The Adkins family had been known for decades by the 1920s. They were fine, upstanding people with a name for honesty and hard work. Elishabeth was the family’s eldest daughter. Her beauty was rivaled by none in the area. Elishabeth loved a near-by farmer’s son, Jacob. He was successful and, by all accounts, ready to inherit his father’s vast estate.
The young couple became eager and consummated their union before their wedding. Elishabeth became pregnant. The couple planned on eloping, however, an epidemic of influenza struck the area. With no antibiotics or medicines of any worth, Jacob quickly died before any marital arrangements could be made.

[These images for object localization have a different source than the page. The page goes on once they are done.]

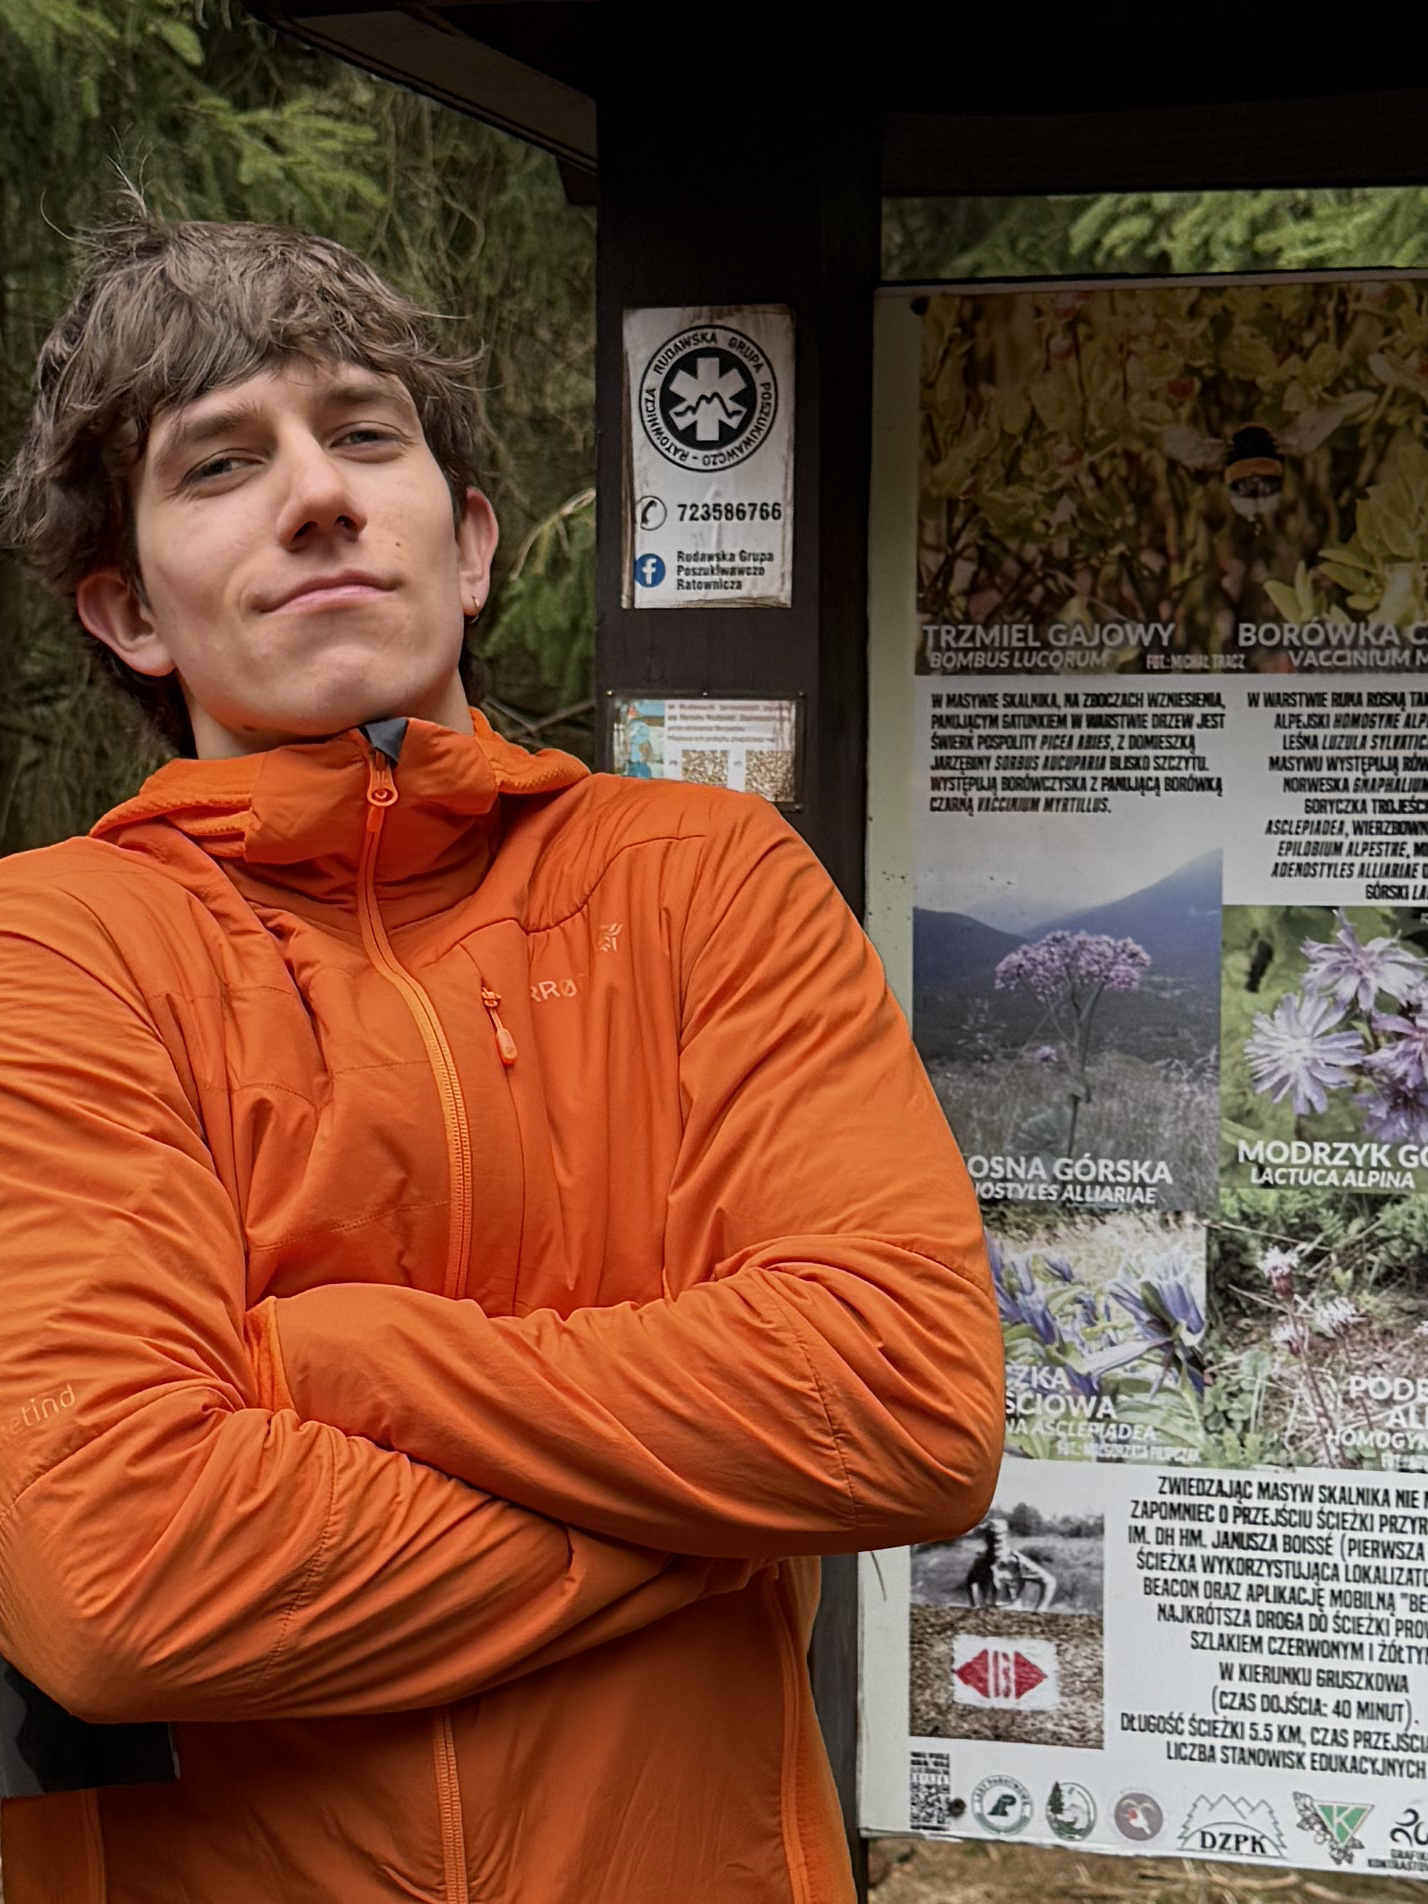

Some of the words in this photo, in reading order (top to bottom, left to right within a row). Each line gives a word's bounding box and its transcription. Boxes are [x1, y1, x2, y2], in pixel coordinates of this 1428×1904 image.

[653, 332, 717, 375] RUDAWSKA
[728, 337, 763, 373] GRUPA
[646, 387, 689, 460] RATOWNICZA
[703, 382, 771, 466] POSZUKIWAWCZO
[677, 502, 782, 521] 723586766
[677, 579, 742, 590] Ratownicza
[923, 625, 1040, 647] TRZMIEL
[1048, 623, 1175, 647] GAJOWY
[1239, 617, 1399, 646] BORÓWKA
[930, 652, 1010, 668] BOMBUS
[1013, 651, 1108, 667] LUCORUM
[1289, 650, 1411, 666] VACCINIUM
[1239, 1141, 1390, 1169] MODRZYK
[969, 1157, 1044, 1182] OSNA
[1054, 1153, 1172, 1184] GÓRSKA
[1250, 1168, 1339, 1187] LACTUCA
[1344, 1170, 1414, 1188] ALPINA
[977, 1184, 1058, 1202] OSTYLES
[1061, 1185, 1156, 1204] ALLIARIAE
[1158, 1477, 1252, 1504] ZWIEDZAJĄC
[1257, 1482, 1314, 1503] MASYW
[1318, 1485, 1390, 1507] SKALNIKA
[1396, 1489, 1418, 1508] NIE
[1200, 1830, 1266, 1854] DZPK

Elishabeth was desperate. She’d kept her secret to herself and didn’t think there was any real reason to speak to anyone aside from Jacob. With her husband-to-be gone, she was forced to tell her family. They were disgraced and forbid her to leave the house. They were so afraid of tarnishing their image that they summoned the near-by doctor to “help” with their problem.

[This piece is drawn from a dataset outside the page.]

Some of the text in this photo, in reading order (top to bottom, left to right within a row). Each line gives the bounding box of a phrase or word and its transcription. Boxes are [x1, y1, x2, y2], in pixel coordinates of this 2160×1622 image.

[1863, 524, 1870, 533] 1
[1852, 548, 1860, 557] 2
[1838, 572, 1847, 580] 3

The doctor came by the home and examined the girl. He confirmed she was pregnant. Elishabeth’s parents were heartbroken that their daughter had stooped to behaving like a harlot. They pushed the doctor to prepare an “elixir” to fix the problem.
Elishabeth knew her parents were angry, but she had no idea the “medicine” they provided was a lethal poison.
Elishabeth died shortly thereafter along with her baby. The parents were never suspected of harming their daughter. The doctor was never questioned, either.
To the rest of the world, Elishabeth just grew sick and ill from the same thing that killed her betrothed. All that remained of this tragedy were the whispers of neighbors who knew something wasn’t right..
This legend hails from rural Southwestern Virginia.